Here, we are importing libraries that would be used throughout the notebook. (Pandas, Json, OS, Sklearn, numpy, collections, transformers, adapters, random, torch ).

In [2]:
from transformers import TrainingArguments, EvalPrediction, TrainerCallback, DataCollatorWithPadding
import pandas as pd

from datasets import Dataset
import pandas as pd

from transformers import RobertaTokenizer, RobertaConfig, TextClassificationPipeline,AutoModel,AutoConfig,AutoTokenizer
from adapters import RobertaAdapterModel,AutoAdapterModel

import torch
import random
from transformers import set_seed
import numpy as np

from adapters import AdapterTrainer

# Setting Seed

These lines set the seed for reproducability for several libraries ( torch, random, numpy, transformers)

In [55]:
RANDOM_SEED = 42

set_seed(RANDOM_SEED)
torch.manual_seed(RANDOM_SEED)
random.seed(RANDOM_SEED)
np.random.seed(RANDOM_SEED)

# Dataset

Reading the dataset cloned from SEMEVAL Github repository:

In [56]:
lang = "ary"
train_link = "https://raw.githubusercontent.com/semantic-textual-relatedness/Semantic_Relatedness_SemEval2024/main/Track%20A/" + lang + "/" + lang + "_train.csv"
dev_link  = "https://raw.githubusercontent.com/semantic-textual-relatedness/Semantic_Relatedness_SemEval2024/main/Track%20A/" + lang + "/" + lang + "_dev_with_labels.csv"
test_link = "https://raw.githubusercontent.com/semantic-textual-relatedness/Semantic_Relatedness_SemEval2024/main/Track%20A/" + lang + "/" + lang + "_test.csv"

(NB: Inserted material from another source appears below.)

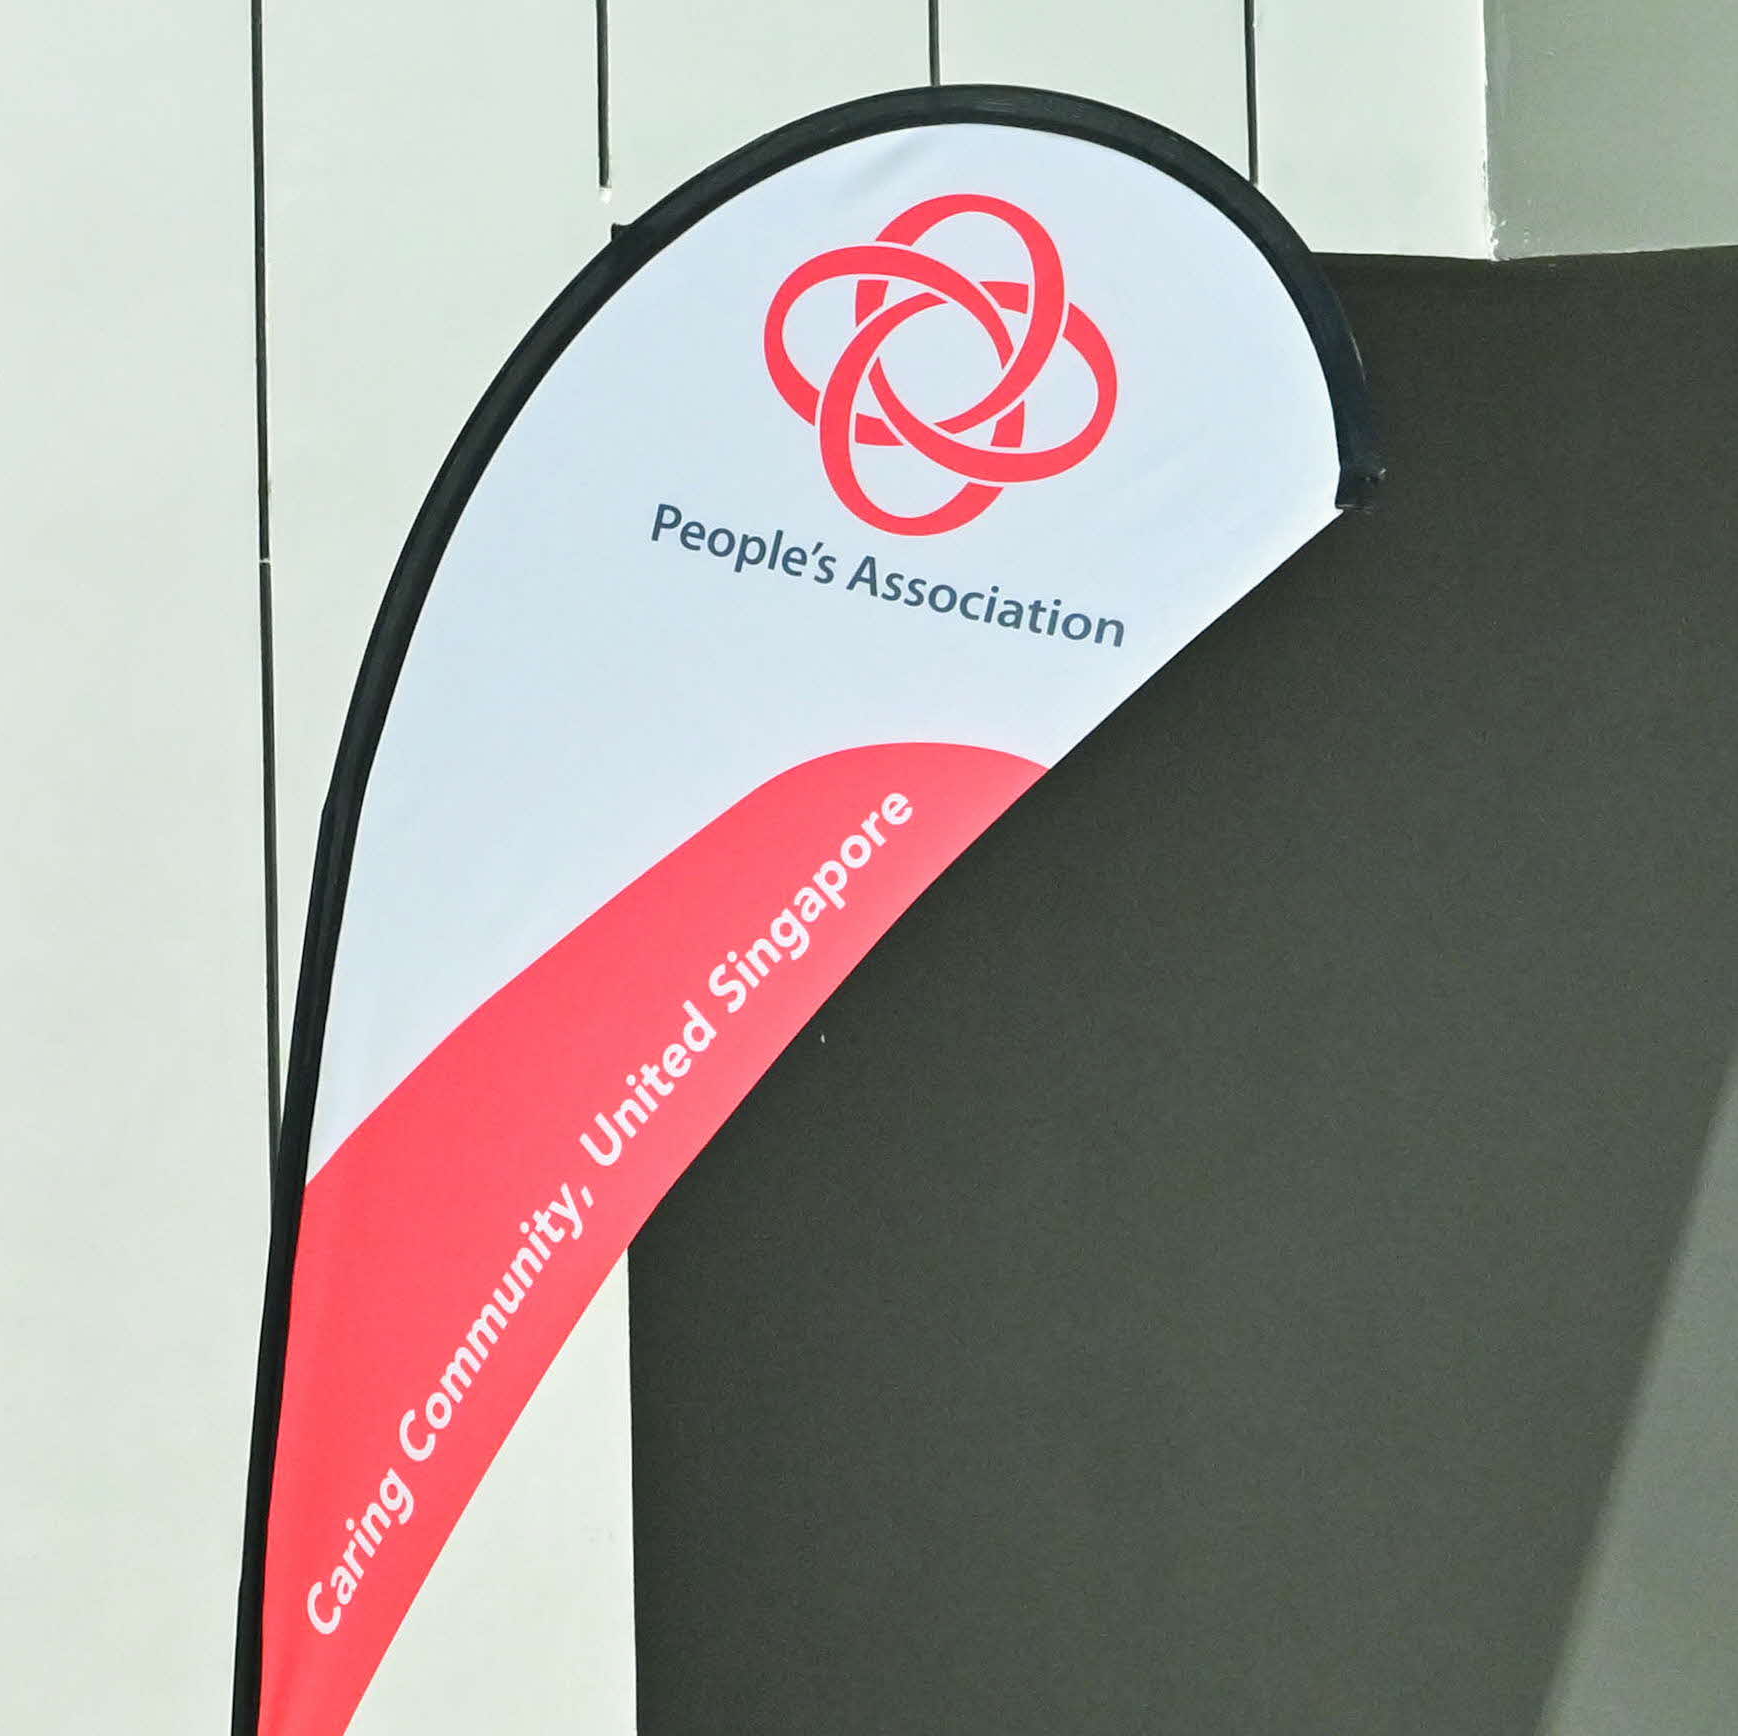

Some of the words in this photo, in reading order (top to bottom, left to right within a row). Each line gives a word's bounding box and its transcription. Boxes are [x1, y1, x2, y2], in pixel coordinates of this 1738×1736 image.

train_ds = pd.read_csv(train_link)
dev_ds = pd.read_csv(dev_link)
test_ds = pd.read_csv(test_link)

In [57]:
# Splitting the input to two sentences
train_ds[['sent1', 'sent2']] = train_ds['Text'].str.split('\n', 1, expand=True)
dev_ds[['sent1', 'sent2']] = dev_ds['Text'].str.split('\n', 1, expand=True)
test_ds[['sent1', 'sent2']] = test_ds['Text'].str.split('\n', 1, expand=True)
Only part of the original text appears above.